Just too damned much moving in the last few days. And too little real sleep. At the very edge of oblivion he forgot where he was, except he was down, and they’d landed, and the wind was moving, and atevi voices were around him. Jago was close by. And the mecheiti were ripping the leaves off trees.
He could trust that, he decided. The solid earth was reliable. He finally let go all defenses, and did sleep, deeply.
He waked by daylight, with people moving about, with breakfast cooking, an aroma of crisping meat. As sore as he had anticipated being, he took three more pills, then set himself to rights, straightened his by now disreputable queue, shaved the old-fashioned way—no servants to comb his hair, dress him, all the quick attentions that had started most of his days in recent years. He missed Narani and Bindanda—missed their society and their quick briefing on everything in the household. But he found something morally refreshing, being sore in very inconvenient places, sitting on a rock beside a gurgling spring.
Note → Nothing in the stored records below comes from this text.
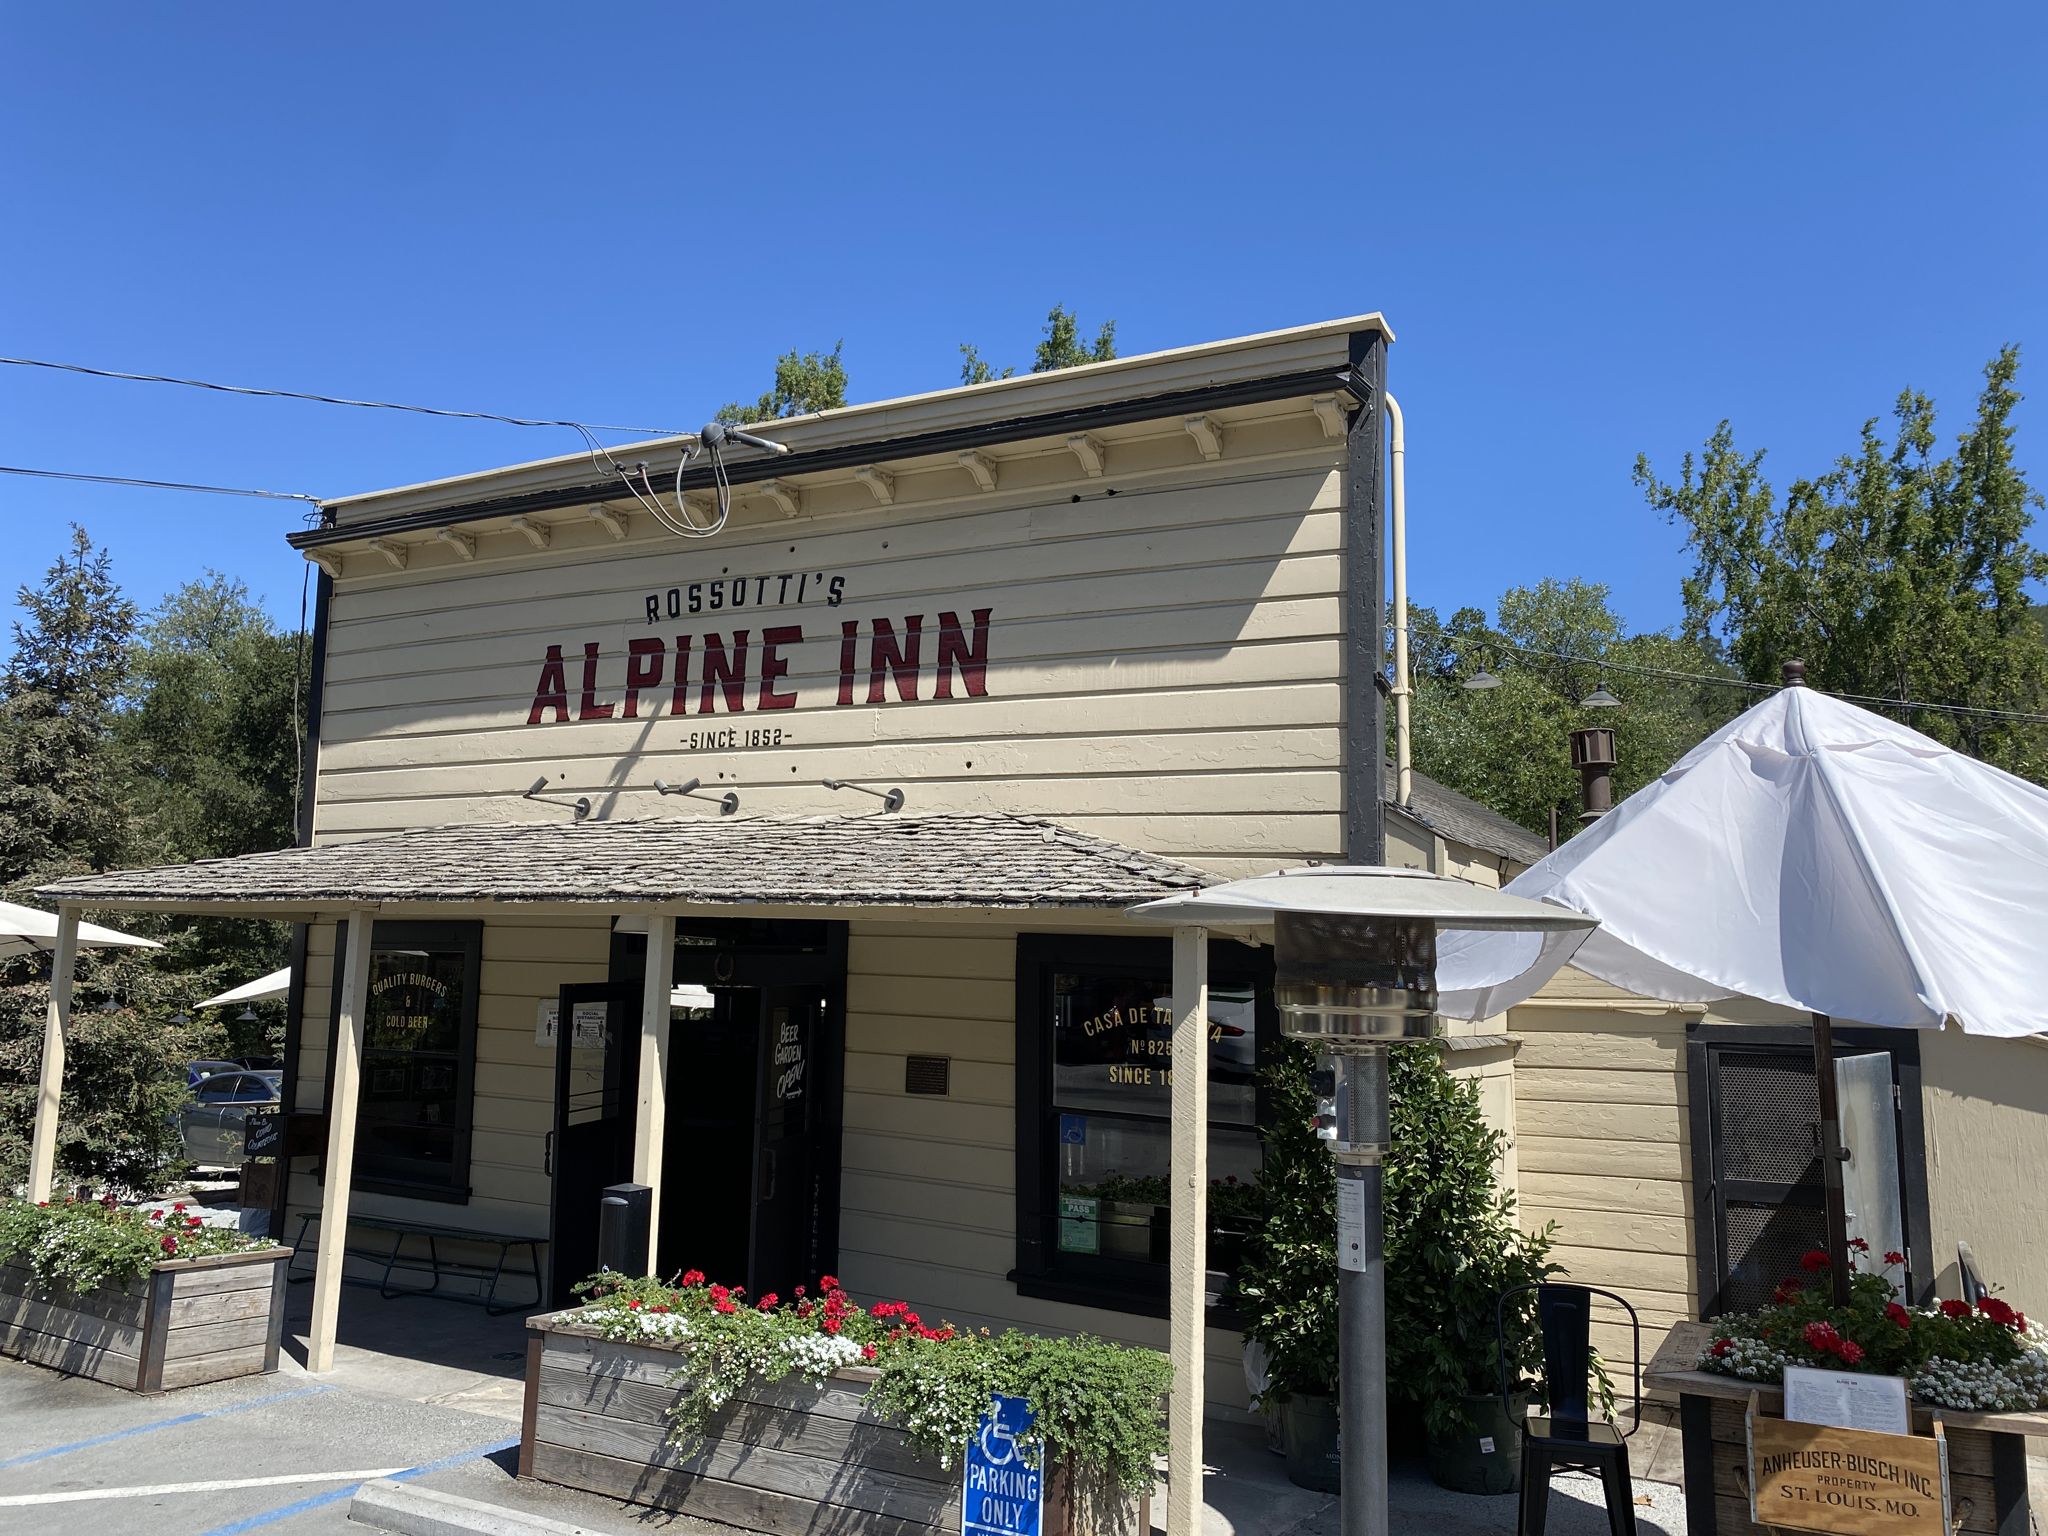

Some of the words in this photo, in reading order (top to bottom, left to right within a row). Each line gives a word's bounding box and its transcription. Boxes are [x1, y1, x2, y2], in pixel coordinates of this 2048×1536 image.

[645, 573, 846, 625] ROSSOTTI'S
[526, 625, 804, 725] ALPINE
[836, 608, 993, 706] INN
[372, 973, 407, 996] QUALITY
[409, 973, 448, 998] BURGERS
[405, 995, 411, 1007] &
[386, 1015, 405, 1028] COLD
[407, 1015, 429, 1029] BEER
[1083, 1008, 1124, 1037] CASA
[1129, 1007, 1148, 1024] DE
[1109, 1065, 1152, 1085] SINCE
[1068, 1204, 1090, 1214] PASS
[969, 1463, 1037, 1502] PARKING
[1762, 1451, 1900, 1484] ANHEUSER-BUSCH
[1904, 1470, 1935, 1500] INC.
[1817, 1474, 1876, 1492] PROPERTY
[982, 1496, 1024, 1530] ONLY
[1780, 1485, 1810, 1502] ST.
[1886, 1501, 1920, 1518] MO.
Jago brought him hot tea, his one special attention, and dropped to her haunches in front of him.
“How are you this morning, Bren-ji?”
“Very well, really. Will we ride today?”
“We must, Bren-ji,” she said.
“If the dowager can do it, nadi-ji, I certainly have no cause to complain.”
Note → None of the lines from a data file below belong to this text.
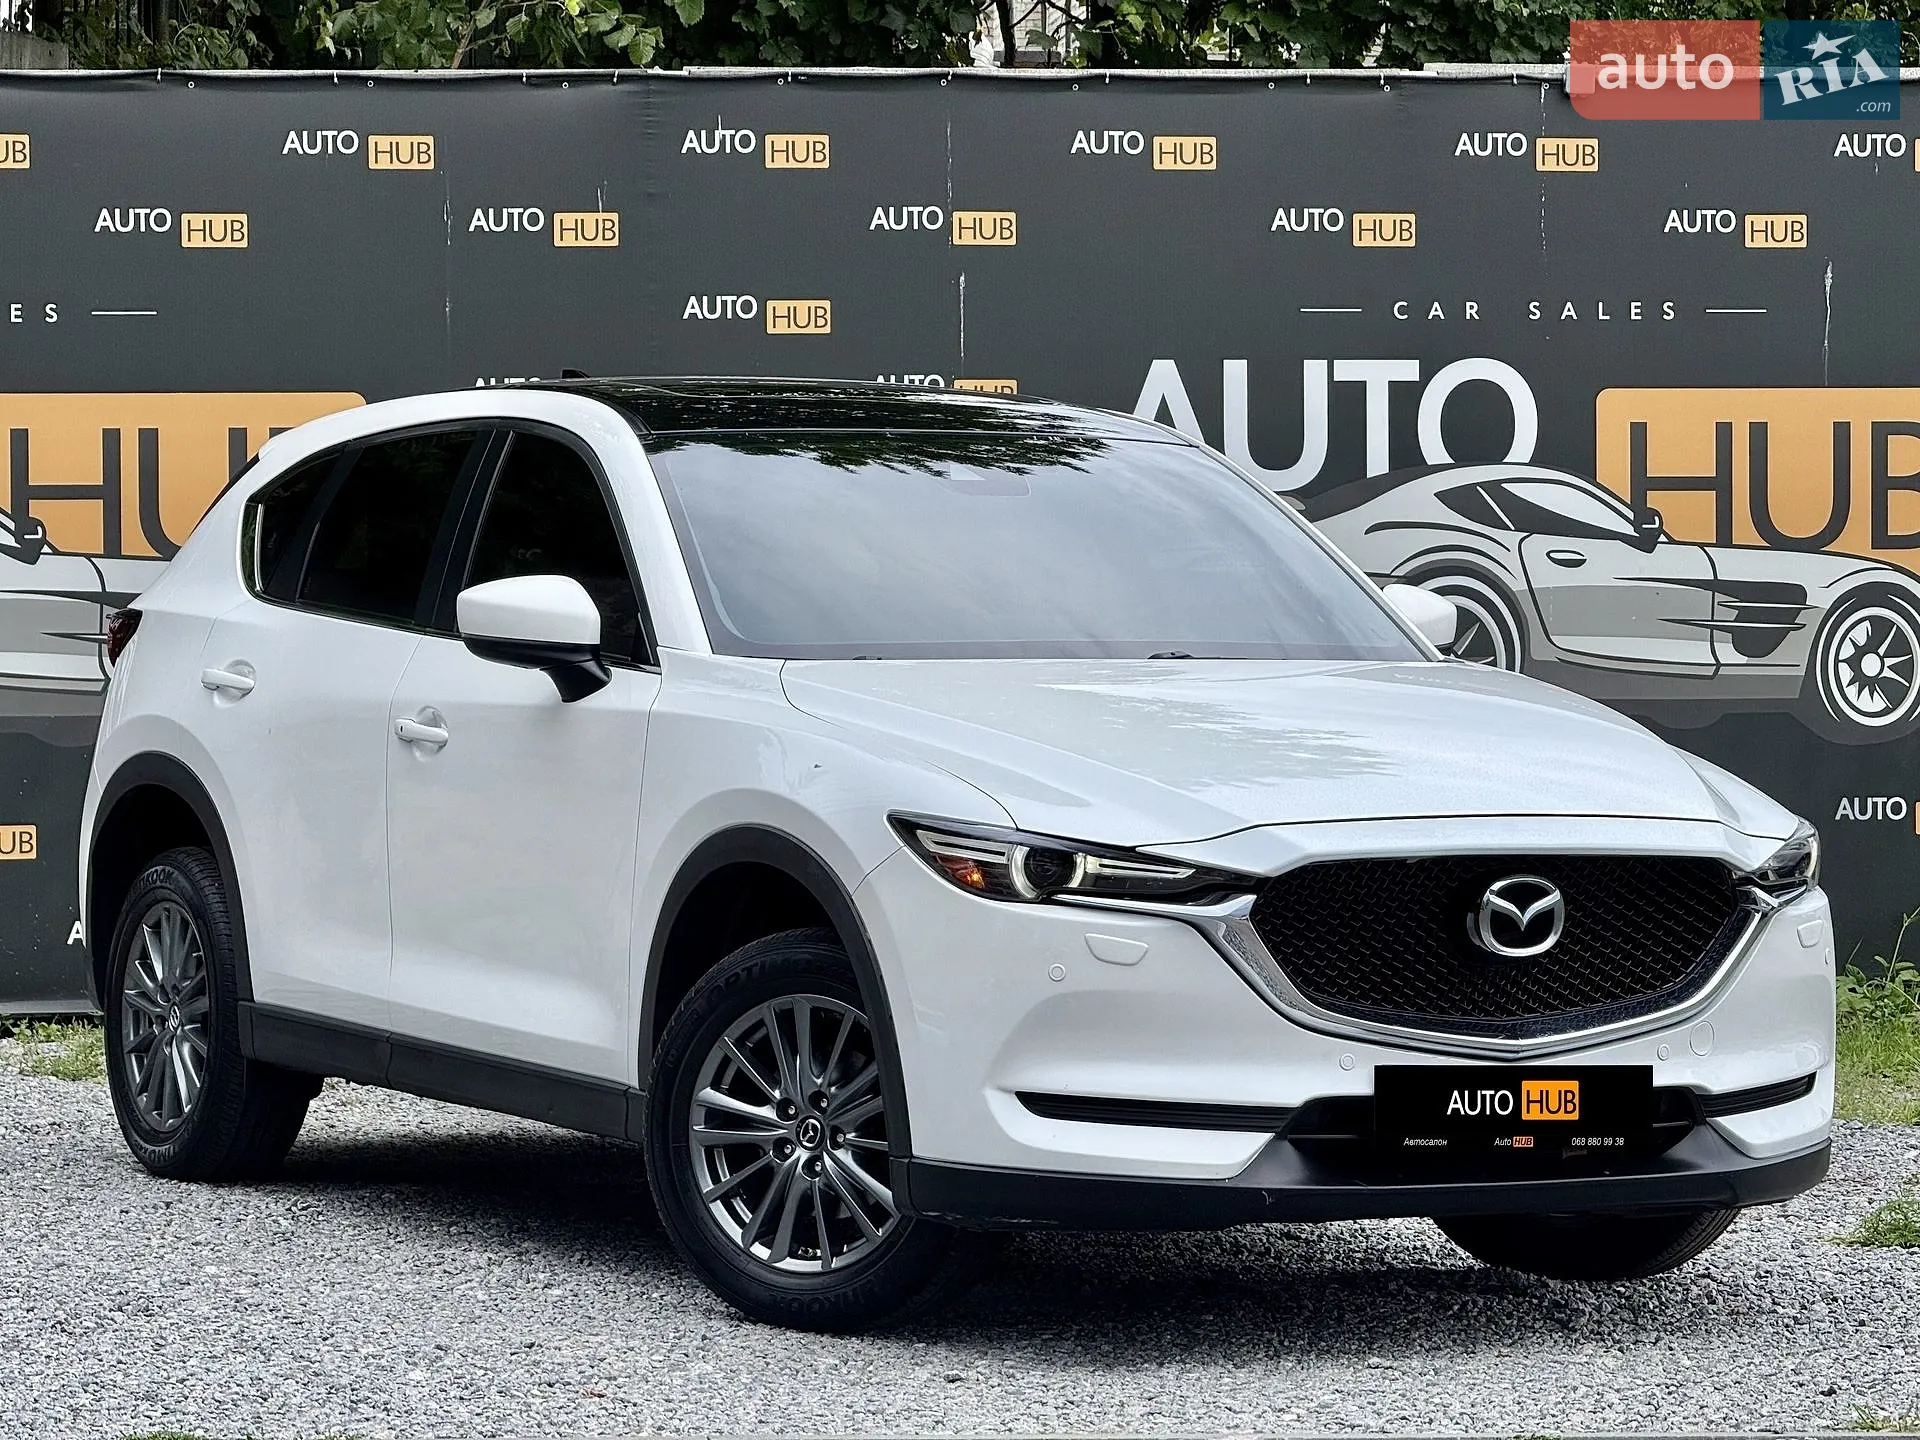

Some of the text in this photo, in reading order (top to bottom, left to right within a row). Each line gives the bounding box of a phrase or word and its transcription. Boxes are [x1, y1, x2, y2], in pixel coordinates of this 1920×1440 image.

[282, 130, 432, 165] AUTO HUB
[681, 129, 827, 164] AUTO HUB
[1071, 130, 1214, 165] AUTO HUB
[1455, 132, 1596, 167] AUTO HUB
[1834, 133, 1907, 157] AUTO
[94, 208, 245, 243] AUTO HUB
[469, 207, 616, 242] AUTO HUB
[869, 206, 1014, 241] AUTO HUB
[1271, 207, 1413, 242] AUTO HUB
[1664, 209, 1805, 243] AUTO HUB
[683, 295, 828, 329] AUTO HUB
[1393, 301, 1676, 321] CAR SALES
[10, 427, 296, 561] HU
[1834, 796, 1907, 820] AUTO
Jago folded her arms across her knees and leaned close. “We have a plan, Bren-ji, a dangerous plan. The dowager wishes to inquire at Tirnamardi.”
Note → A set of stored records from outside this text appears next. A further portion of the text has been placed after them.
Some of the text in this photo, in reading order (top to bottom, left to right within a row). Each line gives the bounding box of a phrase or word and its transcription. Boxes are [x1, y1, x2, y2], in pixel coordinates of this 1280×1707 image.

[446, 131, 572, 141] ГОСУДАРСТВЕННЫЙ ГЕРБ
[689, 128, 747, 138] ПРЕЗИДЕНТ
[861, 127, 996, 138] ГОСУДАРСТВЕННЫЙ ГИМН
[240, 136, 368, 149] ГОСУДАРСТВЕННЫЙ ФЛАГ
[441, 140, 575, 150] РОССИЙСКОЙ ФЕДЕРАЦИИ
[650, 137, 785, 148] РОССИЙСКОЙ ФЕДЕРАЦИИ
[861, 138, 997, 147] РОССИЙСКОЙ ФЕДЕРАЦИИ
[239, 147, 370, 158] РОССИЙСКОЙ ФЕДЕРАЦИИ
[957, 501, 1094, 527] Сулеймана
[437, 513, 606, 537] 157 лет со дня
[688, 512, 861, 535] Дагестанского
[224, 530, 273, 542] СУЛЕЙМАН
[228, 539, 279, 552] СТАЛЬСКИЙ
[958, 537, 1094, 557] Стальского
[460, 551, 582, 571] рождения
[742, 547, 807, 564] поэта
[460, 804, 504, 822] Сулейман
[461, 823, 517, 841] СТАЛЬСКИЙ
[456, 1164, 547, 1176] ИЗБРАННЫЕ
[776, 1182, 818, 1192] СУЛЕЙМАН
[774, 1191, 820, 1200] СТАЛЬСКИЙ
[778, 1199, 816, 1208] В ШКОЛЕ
Tatiseigi’s country estate, about half a day’s ride out of Heitisi, the cluster of medium-sized towns that was the economic center of the Atageini holdings. Dangerous didn’t begin to describe it. “I heard, last night.”
“There is a relatively safe approach,” J
ago said, “through the hunting reserve, which is contiguous with this woods, which both Taiben and the Atageini manage.”
As the animals they hunted were in common, so certain territory overlapped, and game-chase became a matter of hazy rights and who protested—civilly, at least modestly civilly, recently. One hoped it persisted.
“From there,” Jago said in a low voice, “we may be able to reach our Guild.”
Oh, now it got dangerous.
“By phone?” he asked, doubting it.
“It would be far better, Bren-ji, if we were to go ourselves.”
He didn’t like it. She knew he didn’t like it. He reserved a thought to himself: If you go, I go, and he was sure they’d try to outmaneuver him unless he strictly forbade it.
“What do you think, Jago-ji? Is venturing to Shejidan a good idea?”
Jago looked at the ground, then at him. “We consider this a risk, and we have reservations as to whether to attempt Tirnamardi, or to bypass Atageini territory and keep within Taiben. The whole question is where Lord Tatiseigi stands in the current crisis. The dowager is firm in her notion. Cenedi has doubts, too.”
“Cajeiri will be at risk.”
A second hesitation. “Not from Lord Tatiseigi,” she said. “Nor, we think, would the dowager be. You, on the other hand, Bren-ji—”
“Have no particular favor in his sight. I know. I enjoy very little favor from the majority of the population of the mainland, at the moment, one would think.”
He had never been particularly acceptable to this very conservative lord, who disliked human influence and all modern intrusions.
“There is misperception, perhaps.”
Loyally put. He did not think, however, that he had yet reached the foundations of Jago’s thinking.
“Do you, personally, think that Tabini-aiji is dead?” he asked.
“We have had no proof,” she said, and that was a delicate, revelatory matter: they had seen no proof they accepted, and therefore had no emotional disconnection of man’chi. They were, she and Banichi, still functioning as if their highest man’chi of all was intact, and that opinion would color all others, affect all other decisions, define all other logic—whether to go to the Guild, whether to bend every effort to empower Ilisidi, whether to agree to this mission entering Tatiseigi’s lands.